The demise of Stanford meant that in financial terms, the IPL developed a monopoly. Here the film's second bad guy emerges in the ponderous persona of Indian concrete magnate N Srinivasan, the President of the BCCI. The sections of the film devoted to the internal politics of cricket in India are perhaps the least appealing to English viewers, but they matter, as the ultimate ICC agreement, to keep TV revenues primarily among the three biggest earning nations - Australia, England and India, shapes all else in the game. The 2019 Cricket World Cup will accordingly be limited to just 10 teams, rather than the previous 14. Given the development of the game in recent years in countries as diverse as Ireland and Afghanistan, this is nonsense. International development, the centre of any sports health, is retarding, something Gideon Haigh correctly castigates as bizarre. Although a majority of ICC members wish to see cricket as an Olympic sport (which would release government funding for the game in China, and other nations) the ICC will not countenance this.
With Srinivasan installed as head of the ICC, despite accusations of his family being associated with match fixing in India, the future prospects for Test cricket, as opposed to the faster, looser and more profitable brand of 20/20 appear grim.
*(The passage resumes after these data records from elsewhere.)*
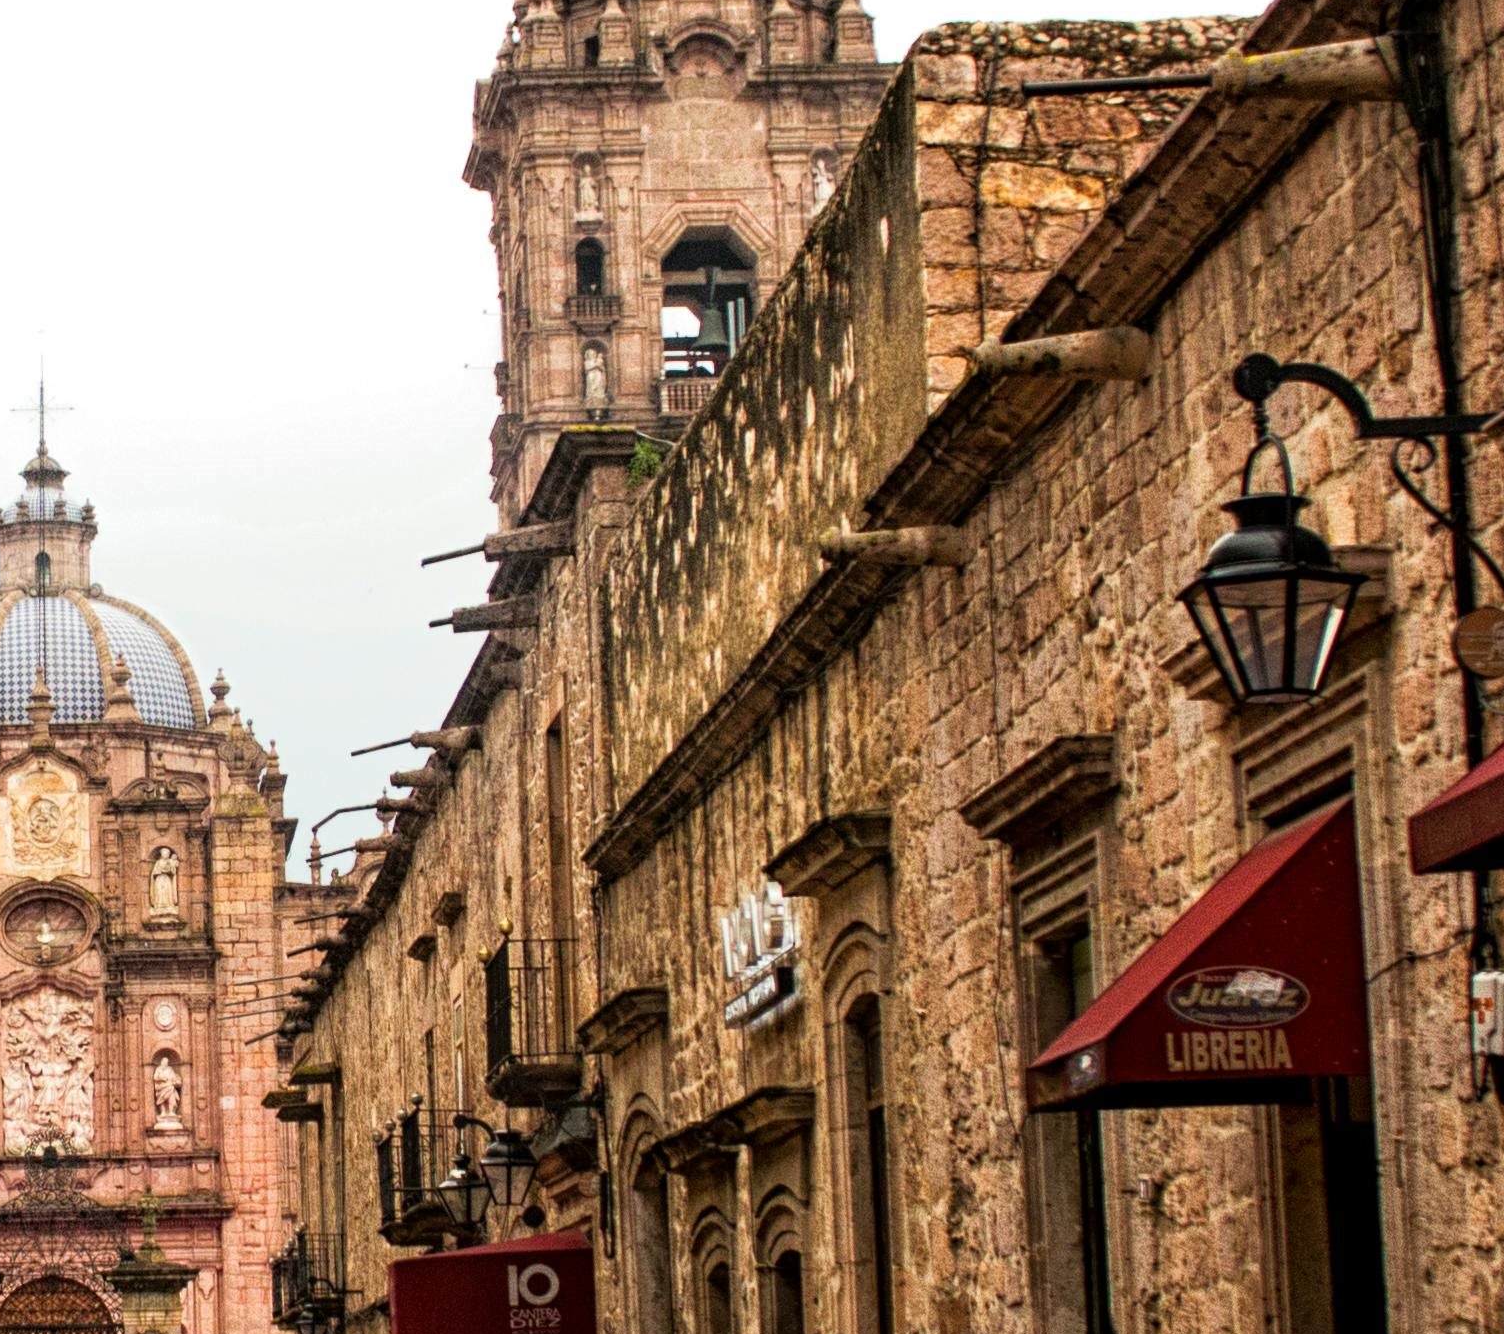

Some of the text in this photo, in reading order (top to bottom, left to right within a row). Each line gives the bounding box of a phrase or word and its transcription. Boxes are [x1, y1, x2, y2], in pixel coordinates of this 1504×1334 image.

[1164, 1028, 1294, 1073] LIBRERIA
[509, 1307, 562, 1320] CANTERA
[509, 1318, 562, 1329] DIEZ
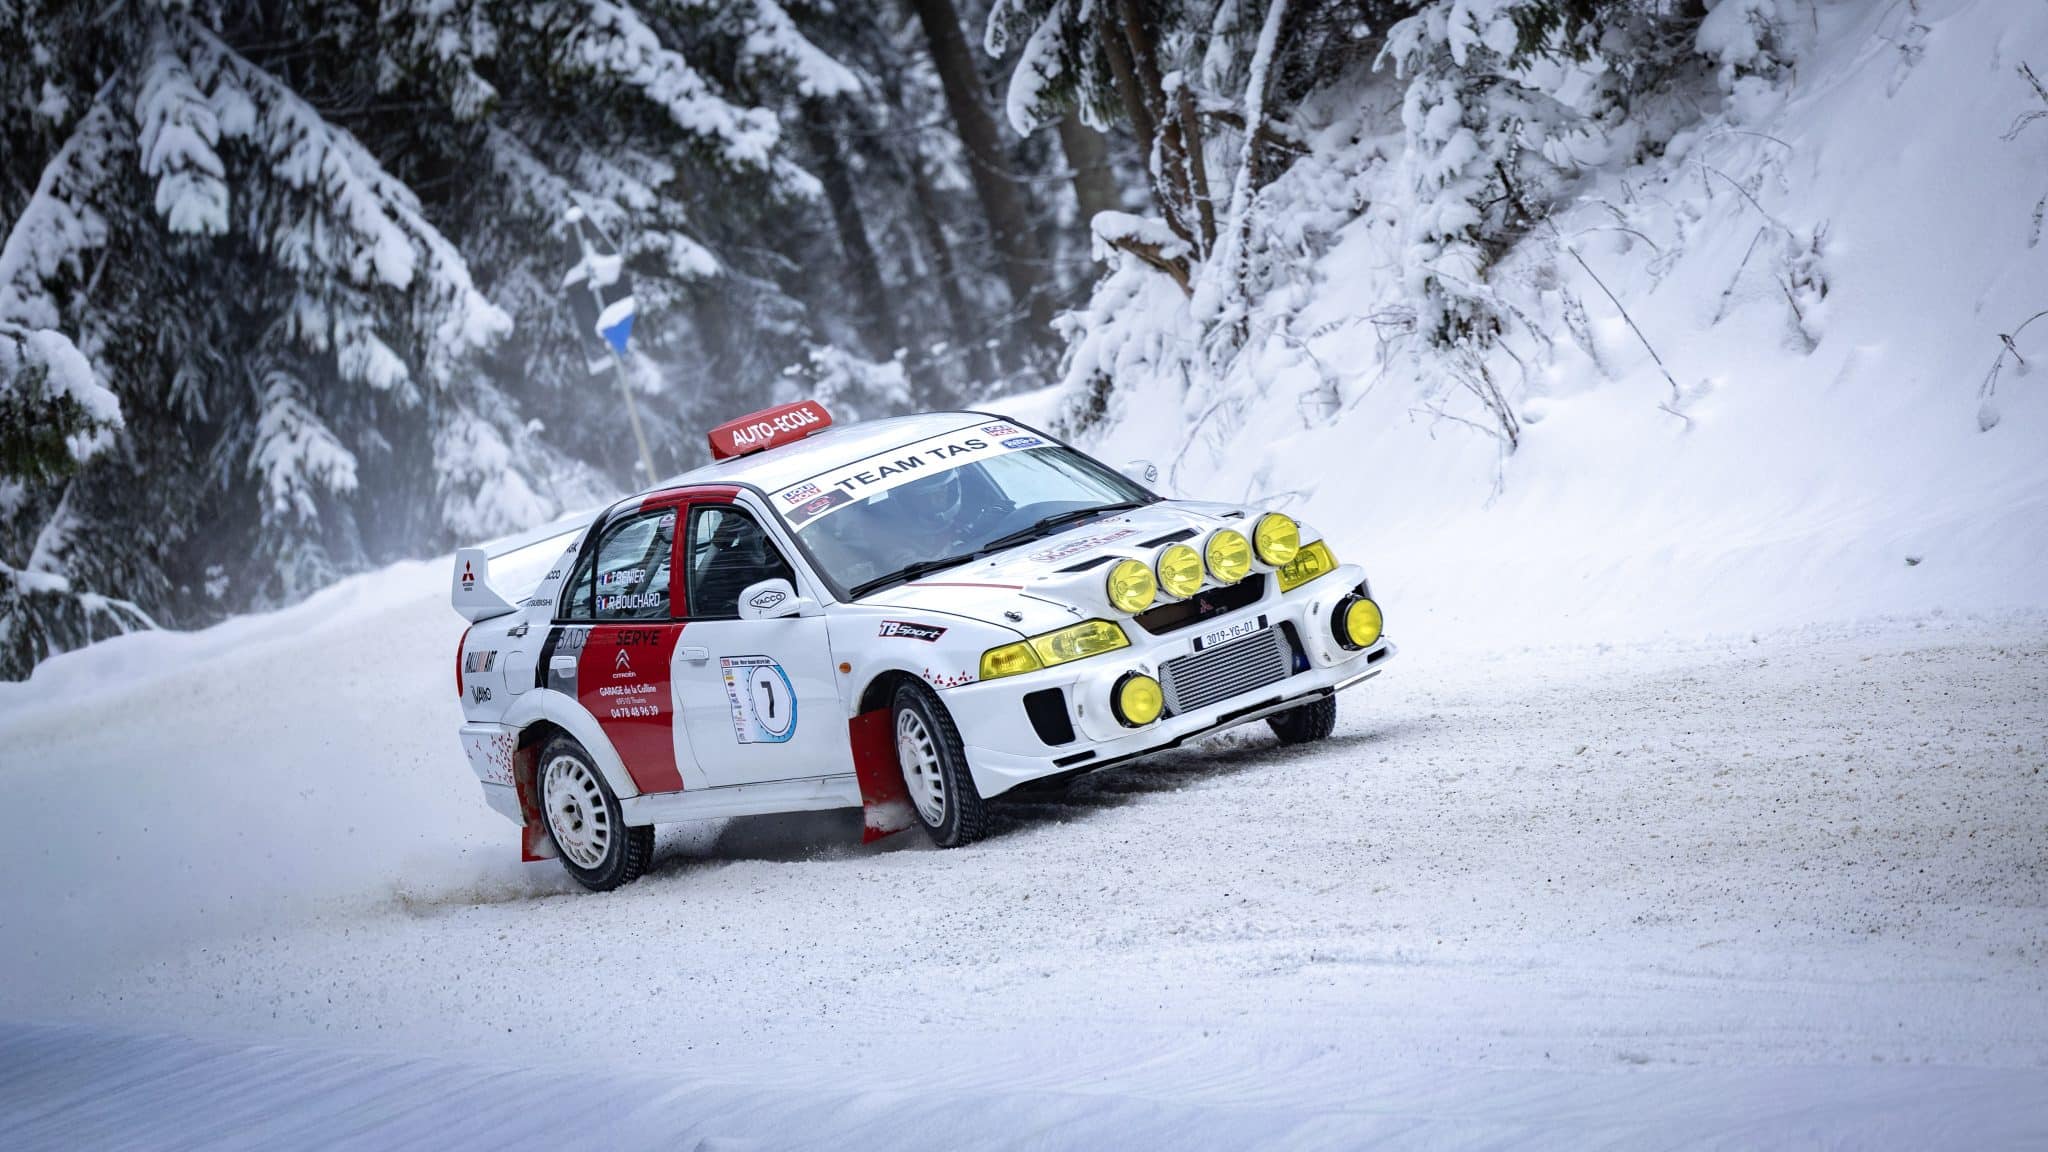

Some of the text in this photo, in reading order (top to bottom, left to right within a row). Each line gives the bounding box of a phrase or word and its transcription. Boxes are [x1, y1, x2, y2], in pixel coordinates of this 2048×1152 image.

[732, 407, 819, 447] AUTO-ECOLE
[834, 456, 926, 490] TEAM
[925, 438, 989, 460] TAS
[754, 594, 782, 605] YACCO
[1207, 621, 1254, 645] 3019-YG-01
[599, 686, 624, 697] GARAGE
[760, 681, 775, 718] 7
[610, 708, 621, 719] 04
[620, 708, 631, 718] 78
[640, 706, 650, 716] 96
[649, 705, 659, 716] 39
When Collins and Kimber manage to get themselves into an ICC press conference in (appropriately) Dubai, a picture of CLR James briefly appears as part of the ICC backdrop on the wall. A Trinidadian born Marxist who spent much of his life in the US and England, James wrote one of the most important cricket books, Beyond A Boundary. One wonders what James would make of an IPL fixture between Sunrisers Hyderabad and and the Chennai Superkings. We probably have a pretty good idea though of what he would make of men like Giles Clarke or N Srinivasan - those who live to make money, rather than making money to live, and to uphold the values of the game.
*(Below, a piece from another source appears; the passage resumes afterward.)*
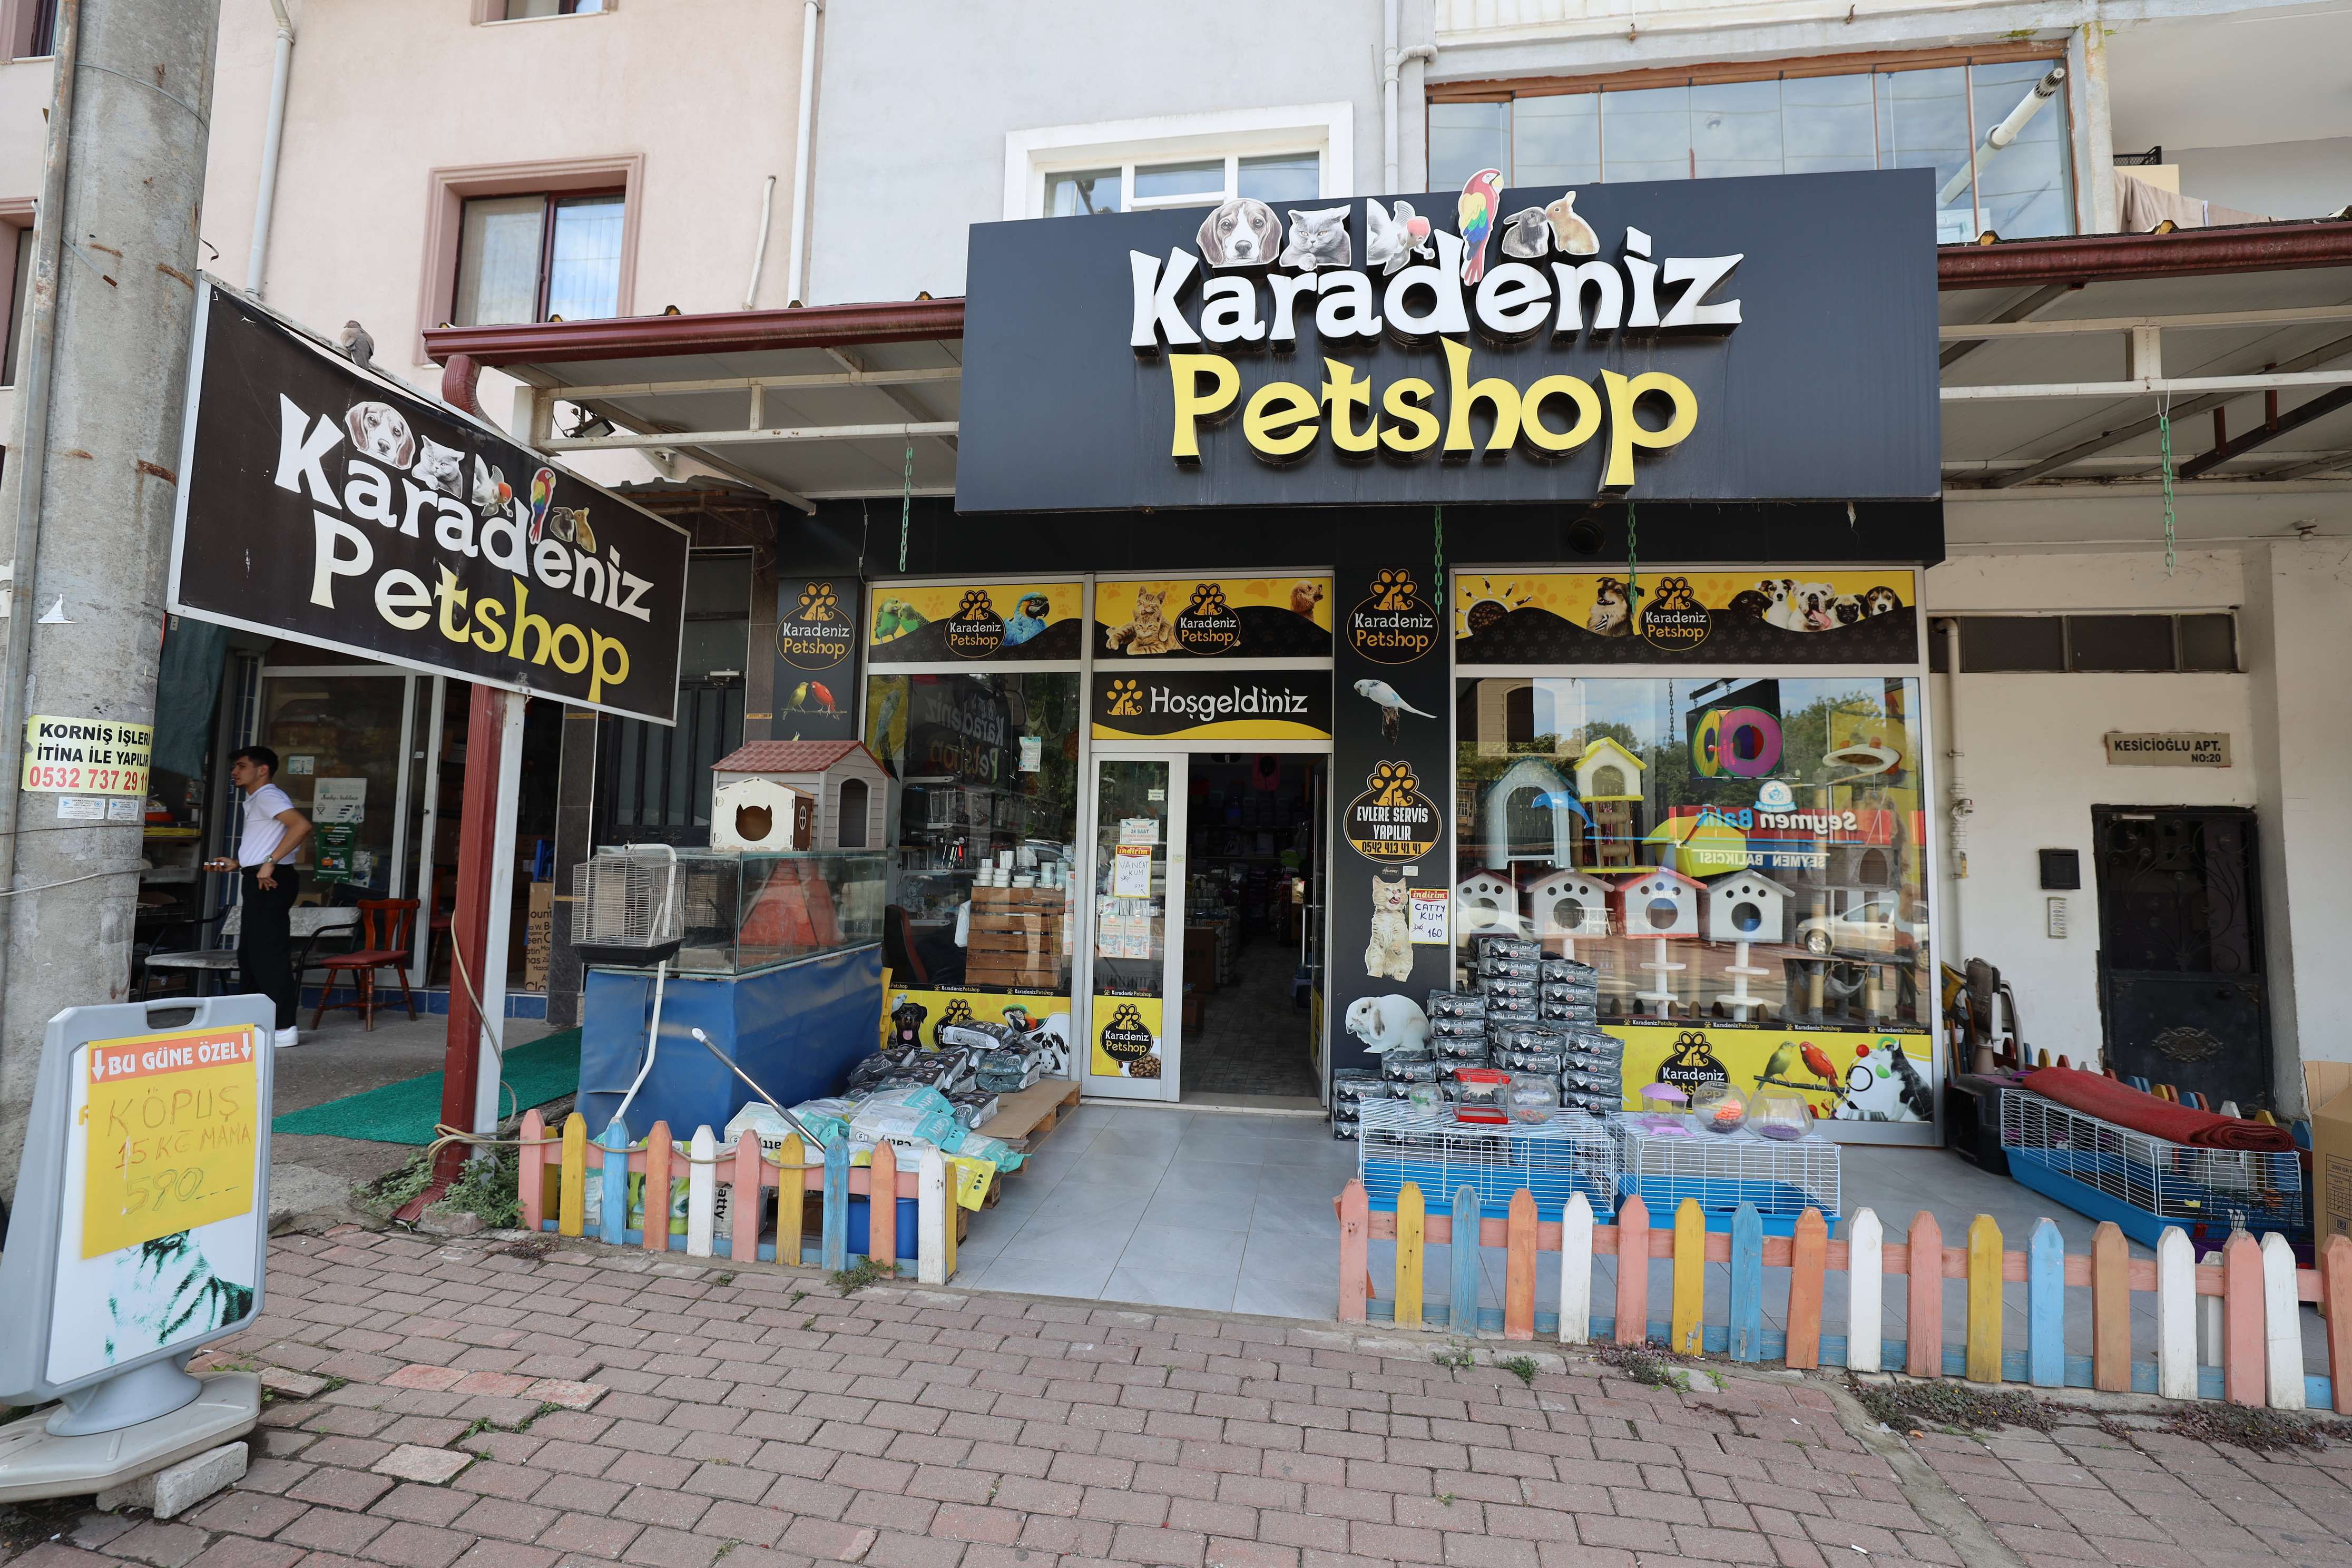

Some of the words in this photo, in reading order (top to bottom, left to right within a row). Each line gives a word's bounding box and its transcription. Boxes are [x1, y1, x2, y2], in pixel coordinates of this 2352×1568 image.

If Death of a Gentleman ends on a positive note it is by returning to Ed Cowan, and the values of those playing the sport for that sense of individual, team or national pride. Nothing about that tendency remaining however, guarantees its survival. Collins and Kimber ask us to visit the website Change Cricket, and to resist the games drift. The interviews in the film though with IPL players such as Kevin Pietersen (the first post-national, post-modern cricketer?) and Chris Gayle remind us that when it comes down to a choice between domestic and test cricket, or the IPL, the big bucks of the IPL will always turn heads. We should not necessarily be pessimistic, but we do need to be realistic. Cricket is not in good health, and the Death of a Gentleman illustrates that all too well.
There are screenings of the film scheduled across the country for the remainder of September and going into October. Some cricket venues, most noticeably Lords, have declined to show the movie, for fear of upsetting the ECB. That makes it all the more important to get out there and see it, before hopefully it becomes available on DVD.